*Work item*.
Write out the records below once more, exactly and completely.

Stored data entries

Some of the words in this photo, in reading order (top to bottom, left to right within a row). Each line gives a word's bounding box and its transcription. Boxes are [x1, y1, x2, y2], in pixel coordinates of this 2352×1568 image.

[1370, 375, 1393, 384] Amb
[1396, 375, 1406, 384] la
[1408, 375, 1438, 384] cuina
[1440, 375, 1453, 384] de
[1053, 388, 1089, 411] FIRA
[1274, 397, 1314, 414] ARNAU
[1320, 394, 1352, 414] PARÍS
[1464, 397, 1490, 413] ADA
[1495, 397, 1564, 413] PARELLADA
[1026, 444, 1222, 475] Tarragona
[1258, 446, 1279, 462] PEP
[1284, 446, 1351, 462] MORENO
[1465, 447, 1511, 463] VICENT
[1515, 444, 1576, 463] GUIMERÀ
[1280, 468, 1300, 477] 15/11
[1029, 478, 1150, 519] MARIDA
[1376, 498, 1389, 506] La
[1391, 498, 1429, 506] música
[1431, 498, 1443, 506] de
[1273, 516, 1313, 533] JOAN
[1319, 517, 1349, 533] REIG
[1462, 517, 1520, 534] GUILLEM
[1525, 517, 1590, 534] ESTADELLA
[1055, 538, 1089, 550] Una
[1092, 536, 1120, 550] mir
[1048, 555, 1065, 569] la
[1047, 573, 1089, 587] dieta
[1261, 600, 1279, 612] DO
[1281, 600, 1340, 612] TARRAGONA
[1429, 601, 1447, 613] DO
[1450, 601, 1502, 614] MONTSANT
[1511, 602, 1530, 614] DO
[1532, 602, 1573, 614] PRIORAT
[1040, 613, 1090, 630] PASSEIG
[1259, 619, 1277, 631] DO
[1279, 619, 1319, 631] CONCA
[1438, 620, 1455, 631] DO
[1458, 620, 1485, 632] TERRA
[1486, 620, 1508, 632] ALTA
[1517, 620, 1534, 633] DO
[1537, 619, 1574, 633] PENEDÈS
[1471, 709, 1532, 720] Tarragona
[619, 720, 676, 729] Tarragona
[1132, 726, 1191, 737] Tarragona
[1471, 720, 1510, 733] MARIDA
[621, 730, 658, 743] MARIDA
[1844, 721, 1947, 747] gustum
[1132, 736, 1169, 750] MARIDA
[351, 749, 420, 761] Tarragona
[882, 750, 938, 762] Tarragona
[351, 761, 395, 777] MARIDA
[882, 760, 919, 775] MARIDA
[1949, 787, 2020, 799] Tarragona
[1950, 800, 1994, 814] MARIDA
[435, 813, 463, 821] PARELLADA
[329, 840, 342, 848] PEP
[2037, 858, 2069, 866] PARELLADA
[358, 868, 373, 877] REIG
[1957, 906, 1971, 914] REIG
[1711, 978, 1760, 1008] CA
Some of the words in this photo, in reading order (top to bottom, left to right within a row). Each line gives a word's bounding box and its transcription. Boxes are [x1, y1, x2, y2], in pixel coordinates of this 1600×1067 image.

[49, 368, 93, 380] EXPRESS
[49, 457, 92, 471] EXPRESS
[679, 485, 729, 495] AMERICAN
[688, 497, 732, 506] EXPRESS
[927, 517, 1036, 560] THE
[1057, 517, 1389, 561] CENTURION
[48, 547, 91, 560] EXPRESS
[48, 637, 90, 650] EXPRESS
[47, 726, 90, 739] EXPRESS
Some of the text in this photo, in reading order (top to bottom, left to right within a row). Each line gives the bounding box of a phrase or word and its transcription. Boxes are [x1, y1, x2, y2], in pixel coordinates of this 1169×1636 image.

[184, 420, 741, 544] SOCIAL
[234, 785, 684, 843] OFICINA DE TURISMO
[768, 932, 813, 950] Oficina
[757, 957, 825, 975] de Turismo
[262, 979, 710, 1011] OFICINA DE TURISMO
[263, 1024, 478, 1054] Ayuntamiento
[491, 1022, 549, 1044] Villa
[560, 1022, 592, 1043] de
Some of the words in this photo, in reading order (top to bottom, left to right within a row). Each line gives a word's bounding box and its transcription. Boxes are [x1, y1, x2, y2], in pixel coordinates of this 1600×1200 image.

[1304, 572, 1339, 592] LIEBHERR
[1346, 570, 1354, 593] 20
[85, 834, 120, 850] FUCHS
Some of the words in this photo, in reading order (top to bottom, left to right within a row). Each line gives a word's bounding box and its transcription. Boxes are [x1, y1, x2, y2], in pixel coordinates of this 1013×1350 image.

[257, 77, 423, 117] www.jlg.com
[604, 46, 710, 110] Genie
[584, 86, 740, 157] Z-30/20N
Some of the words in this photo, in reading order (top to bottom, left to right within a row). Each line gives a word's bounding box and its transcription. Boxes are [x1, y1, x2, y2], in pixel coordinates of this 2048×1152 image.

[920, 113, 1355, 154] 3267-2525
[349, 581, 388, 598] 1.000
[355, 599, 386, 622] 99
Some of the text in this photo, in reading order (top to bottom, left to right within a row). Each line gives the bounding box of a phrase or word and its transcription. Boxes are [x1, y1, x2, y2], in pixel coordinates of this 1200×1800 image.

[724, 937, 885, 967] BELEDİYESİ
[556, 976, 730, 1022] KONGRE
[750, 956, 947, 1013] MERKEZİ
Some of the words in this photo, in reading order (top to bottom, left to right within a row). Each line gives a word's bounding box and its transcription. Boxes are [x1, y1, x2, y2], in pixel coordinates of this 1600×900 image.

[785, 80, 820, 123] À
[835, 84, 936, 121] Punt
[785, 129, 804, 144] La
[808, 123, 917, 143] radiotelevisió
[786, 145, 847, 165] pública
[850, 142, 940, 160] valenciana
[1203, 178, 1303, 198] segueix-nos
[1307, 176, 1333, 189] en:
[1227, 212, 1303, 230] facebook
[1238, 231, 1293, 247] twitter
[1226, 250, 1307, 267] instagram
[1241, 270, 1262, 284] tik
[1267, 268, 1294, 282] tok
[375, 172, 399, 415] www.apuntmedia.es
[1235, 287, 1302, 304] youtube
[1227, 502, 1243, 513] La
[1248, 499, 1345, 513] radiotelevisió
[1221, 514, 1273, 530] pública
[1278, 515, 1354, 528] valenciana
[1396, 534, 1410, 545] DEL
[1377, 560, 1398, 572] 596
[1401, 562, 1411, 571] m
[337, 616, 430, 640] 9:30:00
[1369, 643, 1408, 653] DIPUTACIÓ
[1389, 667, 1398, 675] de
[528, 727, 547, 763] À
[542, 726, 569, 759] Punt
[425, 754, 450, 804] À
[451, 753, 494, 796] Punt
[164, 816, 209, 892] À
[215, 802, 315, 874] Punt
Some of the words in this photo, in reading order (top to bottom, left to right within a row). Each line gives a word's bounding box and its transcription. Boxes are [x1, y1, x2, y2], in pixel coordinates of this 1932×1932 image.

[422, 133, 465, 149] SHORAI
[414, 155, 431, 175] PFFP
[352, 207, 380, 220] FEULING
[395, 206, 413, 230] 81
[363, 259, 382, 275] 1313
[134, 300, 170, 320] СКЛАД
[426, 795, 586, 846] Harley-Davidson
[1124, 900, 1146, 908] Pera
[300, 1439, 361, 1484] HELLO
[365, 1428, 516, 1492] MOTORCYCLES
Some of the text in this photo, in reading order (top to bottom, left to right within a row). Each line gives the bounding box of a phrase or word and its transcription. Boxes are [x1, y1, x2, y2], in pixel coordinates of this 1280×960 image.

*Written reply*.
Some of the words in this photo, in reading order (top to bottom, left to right within a row). Each line gives a word's bounding box and its transcription. Boxes are [x1, y1, x2, y2], in pixel coordinates of this 2352×1568 image.

[1370, 375, 1393, 384] Amb
[1396, 375, 1406, 384] la
[1408, 375, 1438, 384] cuina
[1440, 375, 1453, 384] de
[1053, 388, 1089, 411] FIRA
[1274, 397, 1314, 414] ARNAU
[1320, 394, 1352, 414] PARÍS
[1464, 397, 1490, 413] ADA
[1495, 397, 1564, 413] PARELLADA
[1026, 444, 1222, 475] Tarragona
[1258, 446, 1279, 462] PEP
[1284, 446, 1351, 462] MORENO
[1465, 447, 1511, 463] VICENT
[1515, 444, 1576, 463] GUIMERÀ
[1280, 468, 1300, 477] 15/11
[1029, 478, 1150, 519] MARIDA
[1376, 498, 1389, 506] La
[1391, 498, 1429, 506] música
[1431, 498, 1443, 506] de
[1273, 516, 1313, 533] JOAN
[1319, 517, 1349, 533] REIG
[1462, 517, 1520, 534] GUILLEM
[1525, 517, 1590, 534] ESTADELLA
[1055, 538, 1089, 550] Una
[1092, 536, 1120, 550] mir
[1048, 555, 1065, 569] la
[1047, 573, 1089, 587] dieta
[1261, 600, 1279, 612] DO
[1281, 600, 1340, 612] TARRAGONA
[1429, 601, 1447, 613] DO
[1450, 601, 1502, 614] MONTSANT
[1511, 602, 1530, 614] DO
[1532, 602, 1573, 614] PRIORAT
[1040, 613, 1090, 630] PASSEIG
[1259, 619, 1277, 631] DO
[1279, 619, 1319, 631] CONCA
[1438, 620, 1455, 631] DO
[1458, 620, 1485, 632] TERRA
[1486, 620, 1508, 632] ALTA
[1517, 620, 1534, 633] DO
[1537, 619, 1574, 633] PENEDÈS
[1471, 709, 1532, 720] Tarragona
[619, 720, 676, 729] Tarragona
[1132, 726, 1191, 737] Tarragona
[1471, 720, 1510, 733] MARIDA
[621, 730, 658, 743] MARIDA
[1844, 721, 1947, 747] gustum
[1132, 736, 1169, 750] MARIDA
[351, 749, 420, 761] Tarragona
[882, 750, 938, 762] Tarragona
[351, 761, 395, 777] MARIDA
[882, 760, 919, 775] MARIDA
[1949, 787, 2020, 799] Tarragona
[1950, 800, 1994, 814] MARIDA
[435, 813, 463, 821] PARELLADA
[329, 840, 342, 848] PEP
[2037, 858, 2069, 866] PARELLADA
[358, 868, 373, 877] REIG
[1957, 906, 1971, 914] REIG
[1711, 978, 1760, 1008] CA
Some of the words in this photo, in reading order (top to bottom, left to right within a row). Each line gives a word's bounding box and its transcription. Boxes are [x1, y1, x2, y2], in pixel coordinates of this 1600×1067 image.

[49, 368, 93, 380] EXPRESS
[49, 457, 92, 471] EXPRESS
[679, 485, 729, 495] AMERICAN
[688, 497, 732, 506] EXPRESS
[927, 517, 1036, 560] THE
[1057, 517, 1389, 561] CENTURION
[48, 547, 91, 560] EXPRESS
[48, 637, 90, 650] EXPRESS
[47, 726, 90, 739] EXPRESS
Some of the text in this photo, in reading order (top to bottom, left to right within a row). Each line gives the bounding box of a phrase or word and its transcription. Boxes are [x1, y1, x2, y2], in pixel coordinates of this 1169×1636 image.

[184, 420, 741, 544] SOCIAL
[234, 785, 684, 843] OFICINA DE TURISMO
[768, 932, 813, 950] Oficina
[757, 957, 825, 975] de Turismo
[262, 979, 710, 1011] OFICINA DE TURISMO
[263, 1024, 478, 1054] Ayuntamiento
[491, 1022, 549, 1044] Villa
[560, 1022, 592, 1043] de
Some of the words in this photo, in reading order (top to bottom, left to right within a row). Each line gives a word's bounding box and its transcription. Boxes are [x1, y1, x2, y2], in pixel coordinates of this 1600×1200 image.

[1304, 572, 1339, 592] LIEBHERR
[1346, 570, 1354, 593] 20
[85, 834, 120, 850] FUCHS
Some of the words in this photo, in reading order (top to bottom, left to right within a row). Each line gives a word's bounding box and its transcription. Boxes are [x1, y1, x2, y2], in pixel coordinates of this 1013×1350 image.

[257, 77, 423, 117] www.jlg.com
[604, 46, 710, 110] Genie
[584, 86, 740, 157] Z-30/20N
Some of the words in this photo, in reading order (top to bottom, left to right within a row). Each line gives a word's bounding box and its transcription. Boxes are [x1, y1, x2, y2], in pixel coordinates of this 2048×1152 image.

[920, 113, 1355, 154] 3267-2525
[349, 581, 388, 598] 1.000
[355, 599, 386, 622] 99
Some of the text in this photo, in reading order (top to bottom, left to right within a row). Each line gives the bounding box of a phrase or word and its transcription. Boxes are [x1, y1, x2, y2], in pixel coordinates of this 1200×1800 image.

[724, 937, 885, 967] BELEDİYESİ
[556, 976, 730, 1022] KONGRE
[750, 956, 947, 1013] MERKEZİ
Some of the words in this photo, in reading order (top to bottom, left to right within a row). Each line gives a word's bounding box and its transcription. Boxes are [x1, y1, x2, y2], in pixel coordinates of this 1600×900 image.

[785, 80, 820, 123] À
[835, 84, 936, 121] Punt
[785, 129, 804, 144] La
[808, 123, 917, 143] radiotelevisió
[786, 145, 847, 165] pública
[850, 142, 940, 160] valenciana
[1203, 178, 1303, 198] segueix-nos
[1307, 176, 1333, 189] en:
[1227, 212, 1303, 230] facebook
[1238, 231, 1293, 247] twitter
[1226, 250, 1307, 267] instagram
[1241, 270, 1262, 284] tik
[1267, 268, 1294, 282] tok
[375, 172, 399, 415] www.apuntmedia.es
[1235, 287, 1302, 304] youtube
[1227, 502, 1243, 513] La
[1248, 499, 1345, 513] radiotelevisió
[1221, 514, 1273, 530] pública
[1278, 515, 1354, 528] valenciana
[1396, 534, 1410, 545] DEL
[1377, 560, 1398, 572] 596
[1401, 562, 1411, 571] m
[337, 616, 430, 640] 9:30:00
[1369, 643, 1408, 653] DIPUTACIÓ
[1389, 667, 1398, 675] de
[528, 727, 547, 763] À
[542, 726, 569, 759] Punt
[425, 754, 450, 804] À
[451, 753, 494, 796] Punt
[164, 816, 209, 892] À
[215, 802, 315, 874] Punt
Some of the words in this photo, in reading order (top to bottom, left to right within a row). Each line gives a word's bounding box and its transcription. Boxes are [x1, y1, x2, y2], in pixel coordinates of this 1932×1932 image.

[422, 133, 465, 149] SHORAI
[414, 155, 431, 175] PFFP
[352, 207, 380, 220] FEULING
[395, 206, 413, 230] 81
[363, 259, 382, 275] 1313
[134, 300, 170, 320] СКЛАД
[426, 795, 586, 846] Harley-Davidson
[1124, 900, 1146, 908] Pera
[300, 1439, 361, 1484] HELLO
[365, 1428, 516, 1492] MOTORCYCLES
Some of the text in this photo, in reading order (top to bottom, left to right within a row). Each line gives the bounding box of a phrase or word and its transcription. Boxes are [x1, y1, x2, y2], in pixel coordinates of this 1280×960 image.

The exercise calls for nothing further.